Inter-region disruption
Incident Report for LiveKit
Postmortem

May 11th, 11:28 UTC - Hosting provider notified of connectivity issues

We were notified of a connectivity issue affecting multiple data centers, and were advised that there may be intermittent connection issues. Our monitoring did not pick up any noticeable disruptions at the moment. All systems appeared to function normally.

May 11th, 13:33 UTC - Hosting provider resolved connectivity issues

Our hosting provider implemented a fix for their reported connectivity issues. During this period, we still did not observe any issues on our side, so we did not take any steps then.

May 11th, 14:01 UTC - Inter-datacenter connectivity severed

Connections between data centers started failing and our team was paged. Our team was paged about the issue and decided to reroute traffic to other data centers.

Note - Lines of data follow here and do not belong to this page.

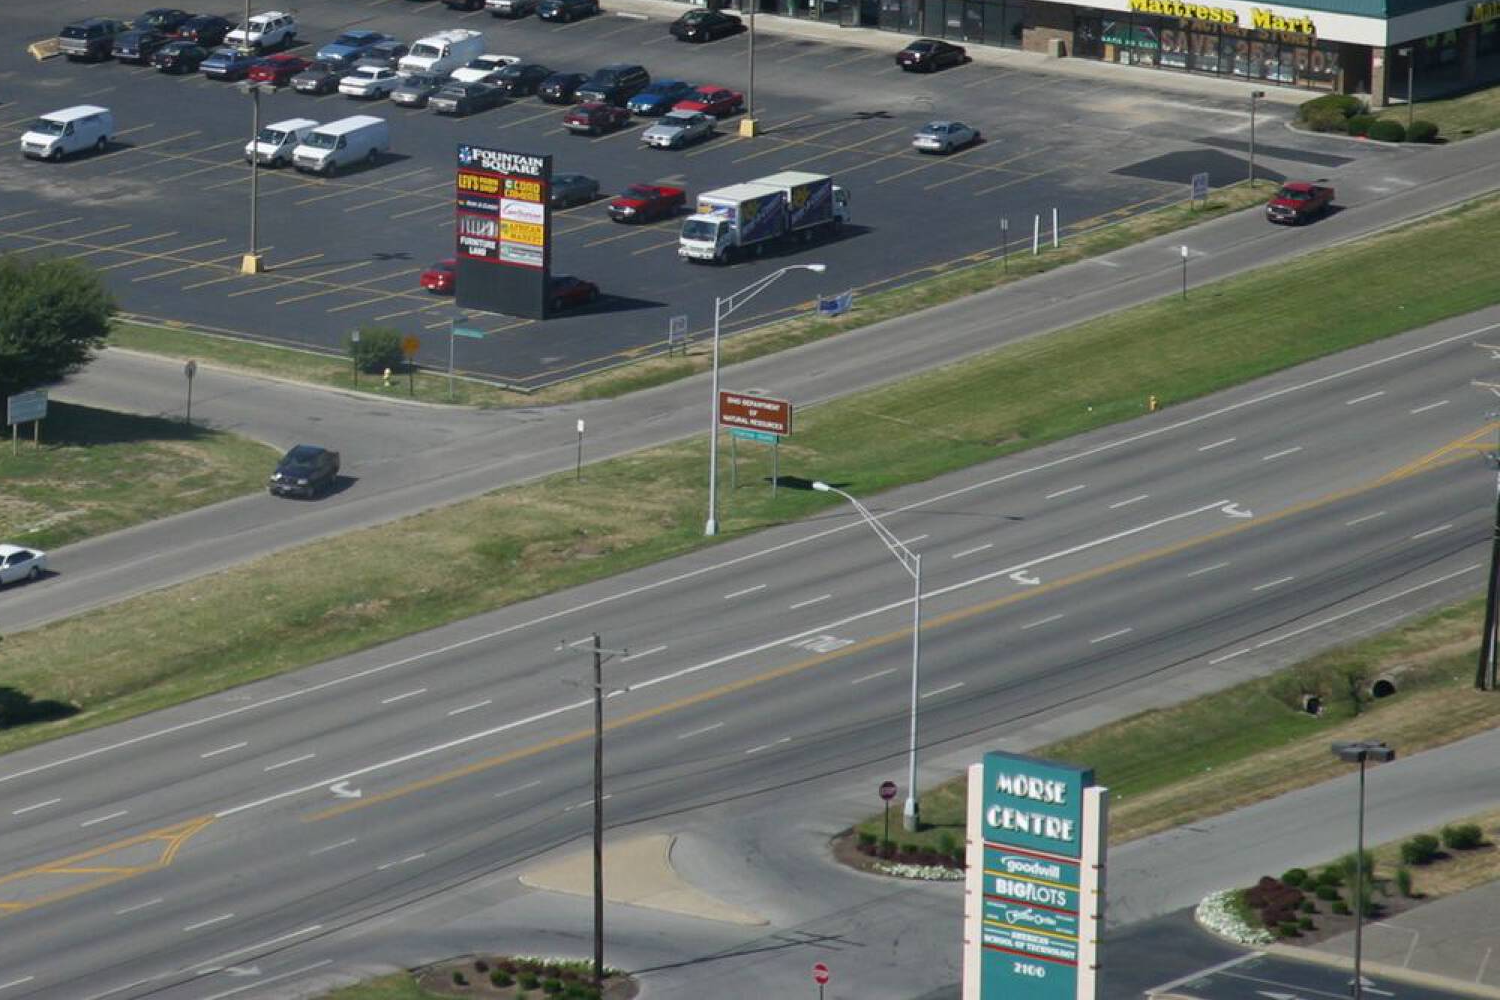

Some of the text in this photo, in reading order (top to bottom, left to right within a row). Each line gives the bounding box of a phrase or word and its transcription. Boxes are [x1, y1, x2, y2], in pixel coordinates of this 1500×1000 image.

[1250, 7, 1316, 34] Mart
[472, 148, 544, 168] FOUNTAIN
[481, 160, 539, 176] SQUARE
[996, 772, 1067, 804] MORSE
[986, 804, 1075, 842] CENTRE
[1007, 859, 1060, 879] goodwill
[1013, 961, 1046, 978] 2100

May 11th, 14:20 UTC - Reroute completed

All user connections have been moved to other data centers. Inter-region connectivity has been restored. This concludes the incident.

We expect our data centers to be isolated in order to deliver 99.99% uptime. Incidents like this from the provider weakens our confidence regarding their data center and operational isolation. Because of that, we’ve decided to decided to remove them from our global fleet. We’ll be replacing them with Google Cloud. This transition will be completed by May 19th.

Posted May 17, 2023 - 23:53 PDT

Resolved
Our hosting provider has temporarily lost connectivity between their inter-datacenter links, causing users connected to only be able to retrieve media from others that are connected to the same datacenter. This disruption lasted about ~20 mins. We have rerouted traffic to alternative data centers.
Posted May 11, 2023 - 07:00 PDT